We do not grow absolutely, chronologically. We grow sometimes in one dimension, and not in another, unevenly. We grow partially. We are relative. We are mature in one realm, childish in another. The past, present, and future mingle and pull us backward, forward, of fix us in the present. ~ Anaïs Nin
My first memory is watching my dad take our cat to be buried. Mom and I are sitting on the couch and staring out the large picture window at the front of the house. It’s nightime and my dad is silhouetted in the streetlight, his shoulders hunched as he’s pulling a wagon behind him containing the cat’s body. Mom is crying and I am about three years old.
The first lie I can remember telling is how I got the cut between my eyes. I was using a butter knife to open the paper on top of a peanut butter jar and I didn’t know enough to not point the knife in the direction of my face. It slipped and stabbed me right between my eyebrows. I told my parents that the refrigerator door had stuck and popped open and hit me in the face. Because I was seven, I was too dumb to realize that not only was I not tall enough for the door to make that particular point of contact but the peanut butter jar and knife were on the counter. I got one stitch for that incident and am lucky it missed my eyes.
The first memory I have of being scared to death is when it snowed at our apartment complex. There was a very tall hill at the end of a long parking lot and we decied to tube down the snow covered slope. Kind of like bowling with a really tall starting point and long lane. My parents allowed me to go down by myself and I flew like the wind, turning in circles and bouncing as I hit the pavement. Then, faster than I could realize, I felt a hard thunk and found myself with my torso curled over my lap. I had gotten stuck under the back of my dad’s car and gone in butt first. I couldn’t move, my face was in my lap and all I could see was my dad’s feet running toward me. I was thankfully uninjured and just very sore but all tubing down that hill immediately stopped for me and I was never as fearless again.
My first memory of my parents divorce is coming home from school and being told we were moving to Illinois and that my dad wasn’t coming. My second memory was being called to the principal’s office in Illinois only to turn the corner and see the back of my dad, who I hadn’t seen for six months, standing there casually talking to someone in the office. He had come to take me back to the only place I had never known as home. I don’t have a memory of how we got back to my mom but that’s obviously where we ended up because seeing Dad became more like visiting than it should have.

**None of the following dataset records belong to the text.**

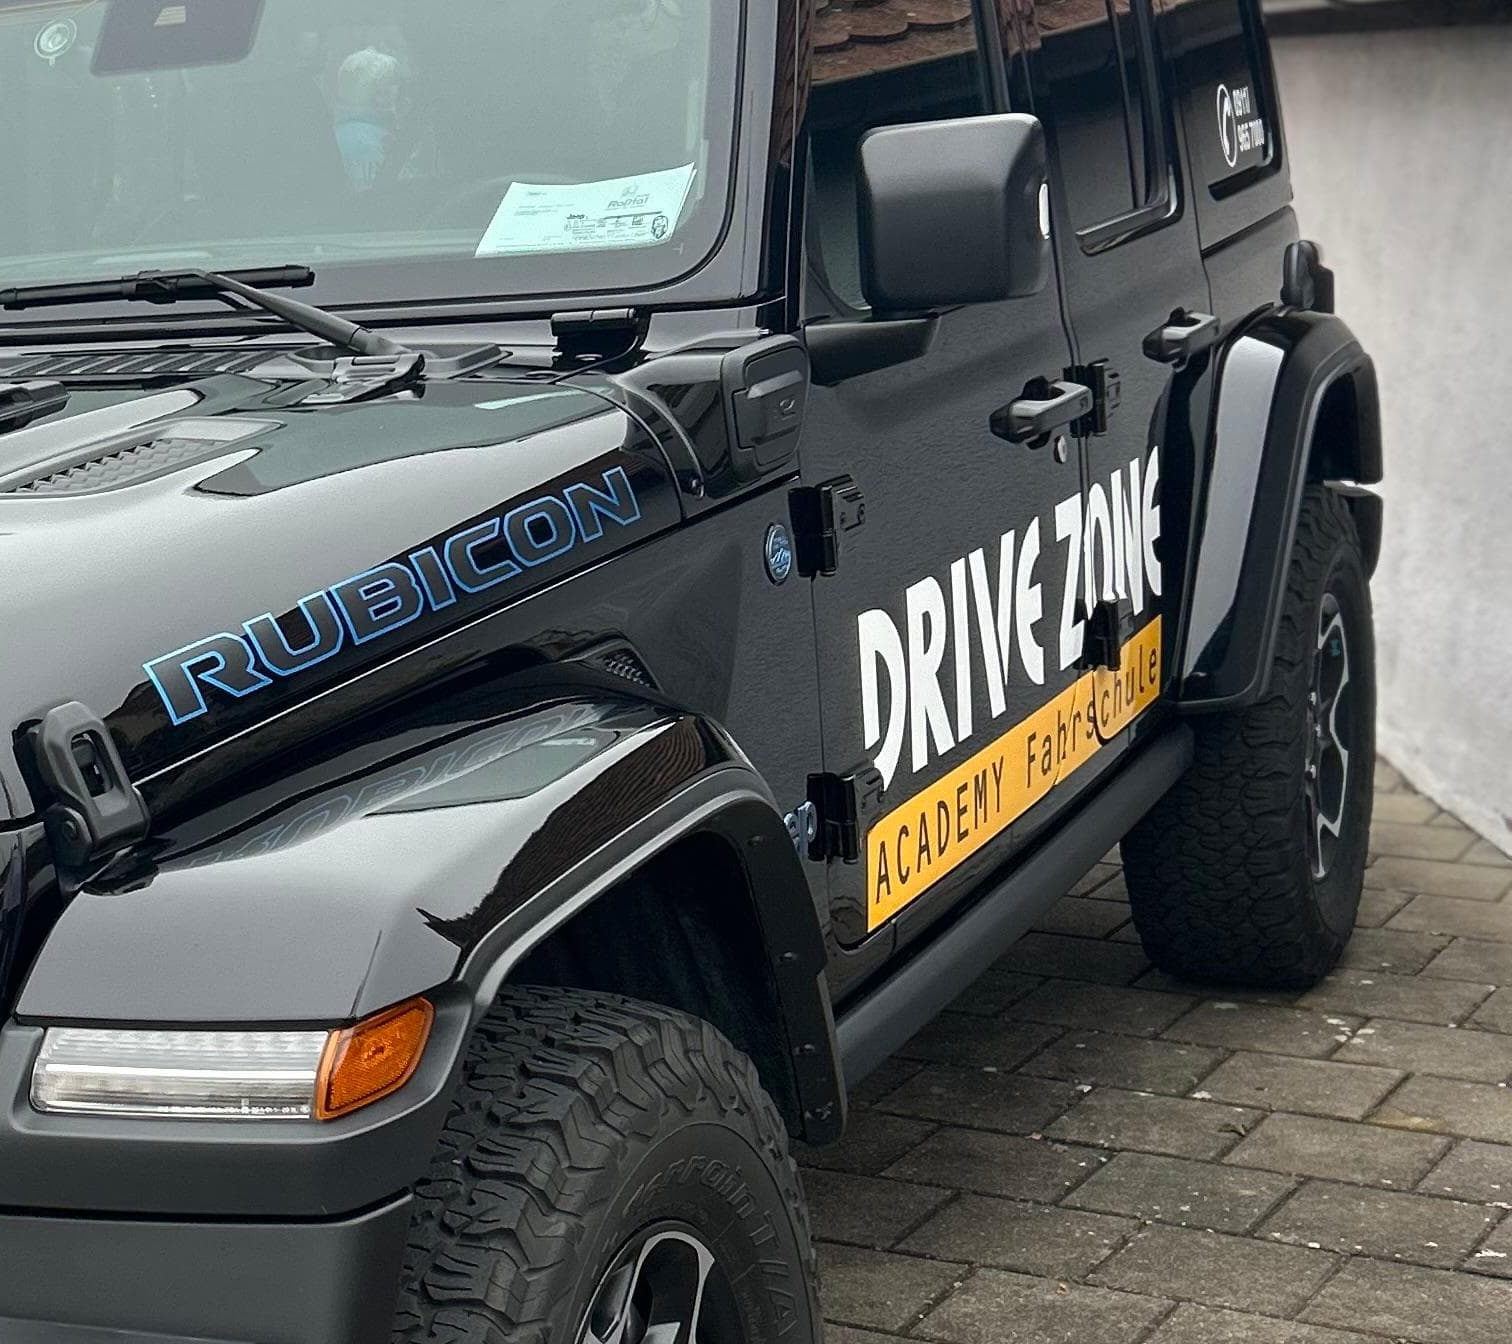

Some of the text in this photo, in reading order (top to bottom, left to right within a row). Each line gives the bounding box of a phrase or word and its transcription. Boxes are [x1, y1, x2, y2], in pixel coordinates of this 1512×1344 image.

[143, 466, 642, 726] RUBICON
[857, 445, 1162, 792] DRIVE ZONE
[874, 644, 1157, 904] ACADEMY Fahrschule
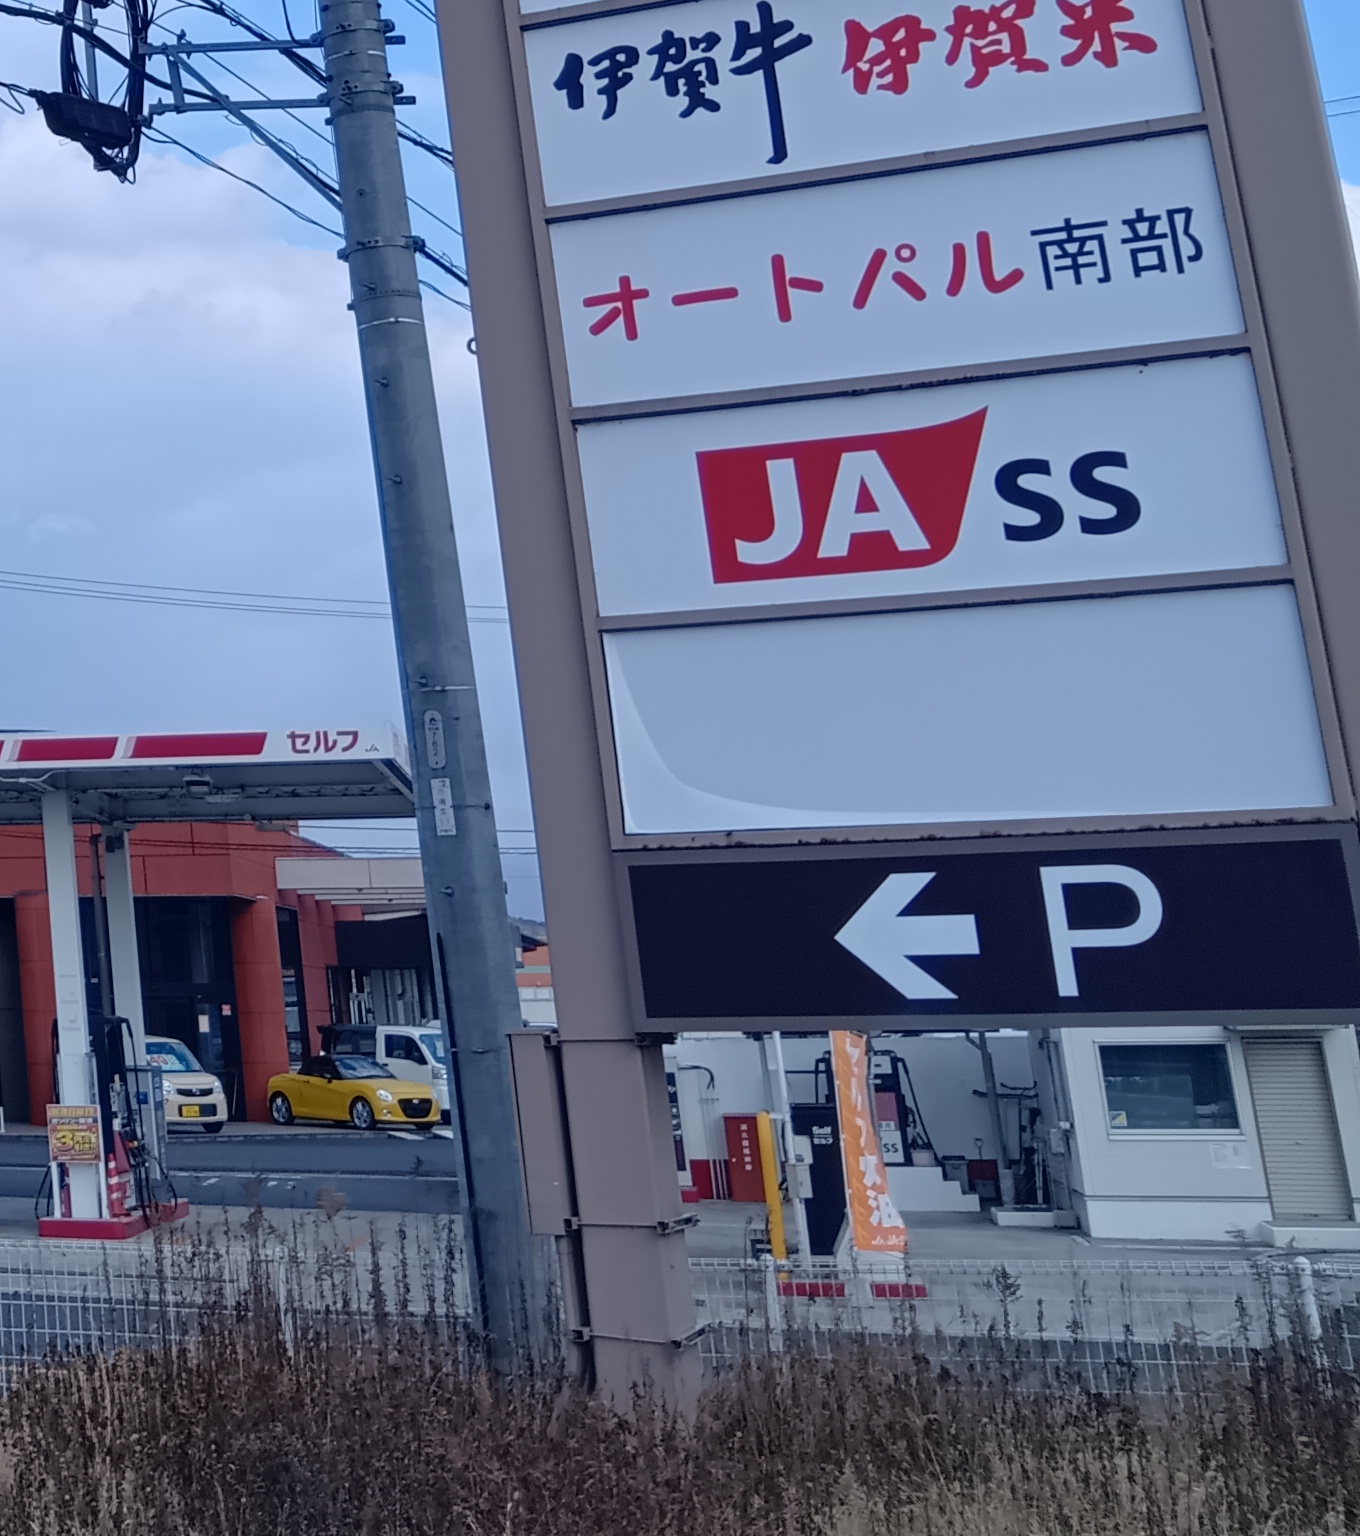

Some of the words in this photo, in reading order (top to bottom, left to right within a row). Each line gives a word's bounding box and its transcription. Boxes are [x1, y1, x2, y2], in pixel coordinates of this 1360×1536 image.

[553, 1, 813, 166] 伊賀牛
[733, 448, 932, 566] JA
[286, 730, 359, 754] セルフ
[1038, 863, 1164, 998] P
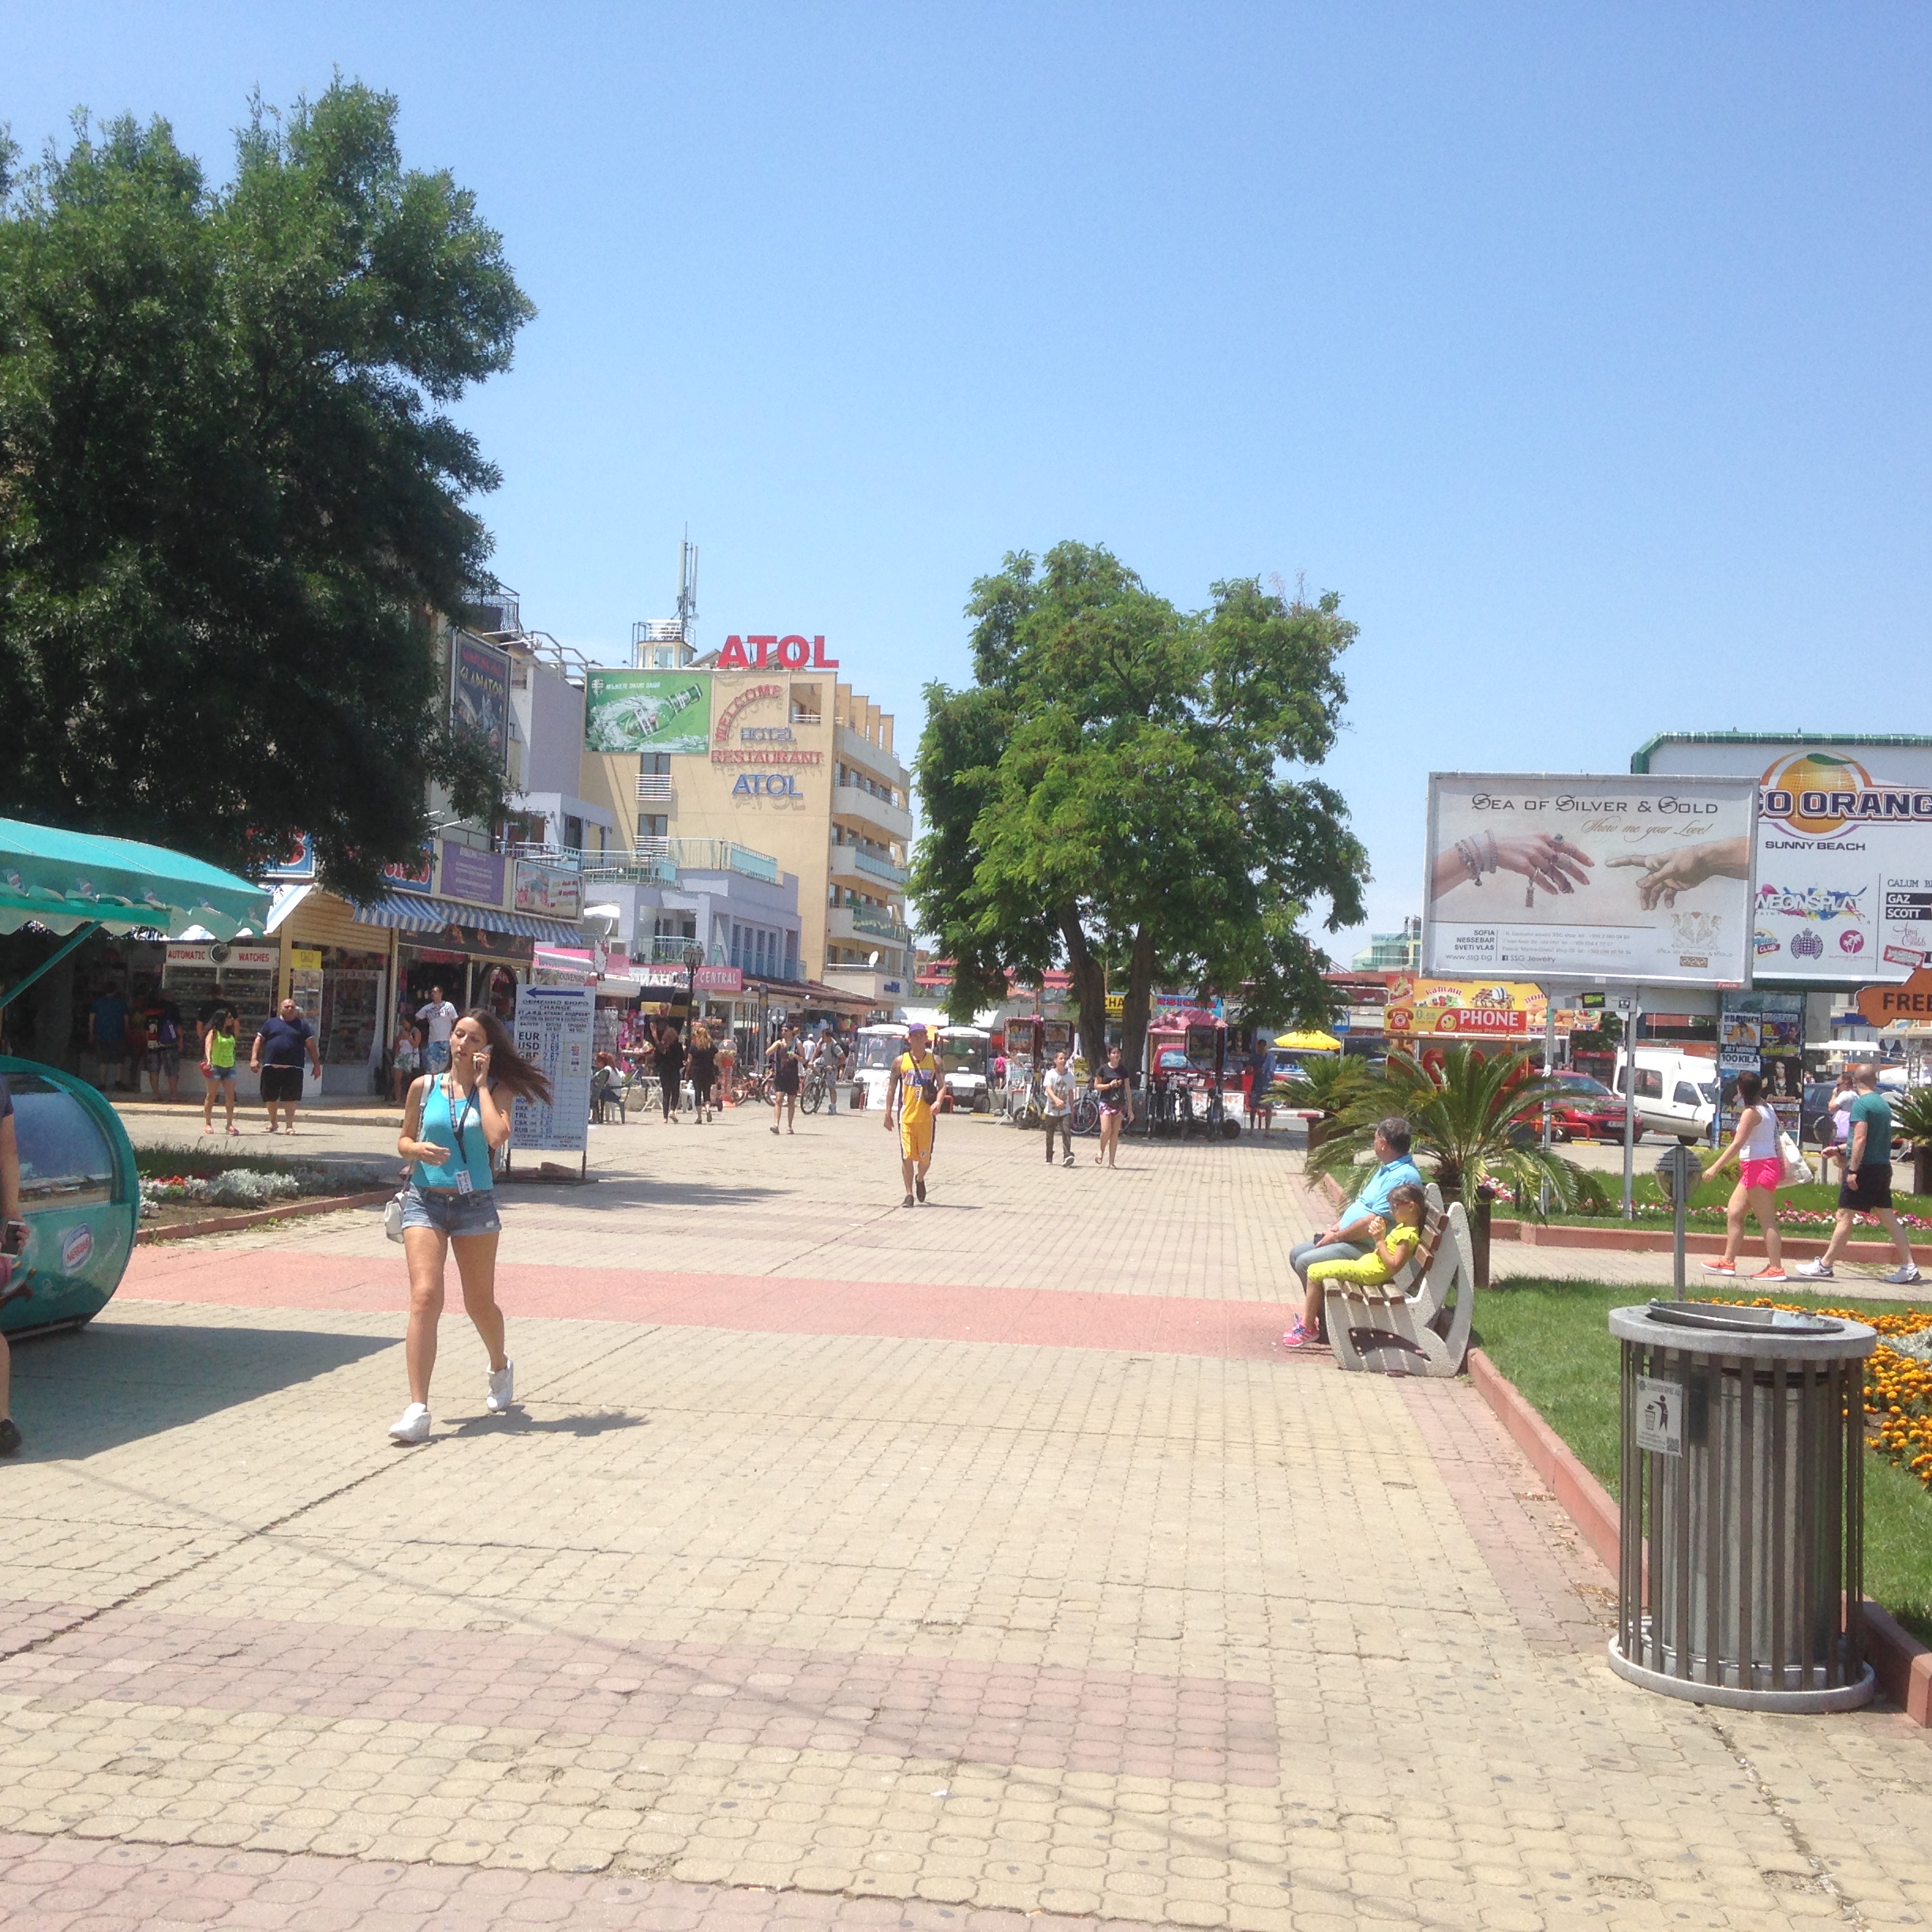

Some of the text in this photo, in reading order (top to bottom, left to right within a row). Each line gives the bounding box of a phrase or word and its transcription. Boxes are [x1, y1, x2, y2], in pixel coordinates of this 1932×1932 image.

[716, 635, 839, 668] ATOL
[715, 683, 783, 743] WELCOME
[740, 726, 797, 742] HOTEL
[711, 750, 822, 764] RESTAURANT
[732, 773, 803, 796] ATOL
[1471, 793, 1515, 811] SEA
[1525, 800, 1550, 811] OF
[1555, 795, 1627, 813] SILVER
[1638, 800, 1652, 813] &
[1759, 791, 1794, 817] O
[1623, 825, 1639, 833] me
[1765, 841, 1866, 851] SUNNY BEACH
[1887, 878, 1919, 888] CALUM
[1888, 894, 1910, 904] GAZ
[1887, 908, 1921, 919] SCOTT
[167, 949, 206, 960] AUTOMATIC
[238, 952, 270, 963] WATCHES
[700, 971, 736, 984] CENTRAL
[1459, 1009, 1519, 1026] PHONE
[519, 1032, 540, 1041] EUR
[518, 1042, 540, 1050] USD

The first boy I ever kissed was a ginger before “gingers” existed. He was tall and built like a football player. It was Fourth of July, the summer between eighth and ninth grade. He and I had shared an English class and he happened to be friends with the boy one of my best friends liked. Her and I had the house to ourselves so we invited them over. I only remember the tingles that ran up my spine when his hand grazed my bare side, because I was wearing jean shorts and a cut off tshirt. We talked on the phone for most of the summer but there was a lot of pressure from him to do things I refused to do at 14, despite my cut off shirt giving a different impression, so when the school year came around, he ignored me for a cheerleader with a funny name. Did I mention he had a lisp? And that I hated him after that?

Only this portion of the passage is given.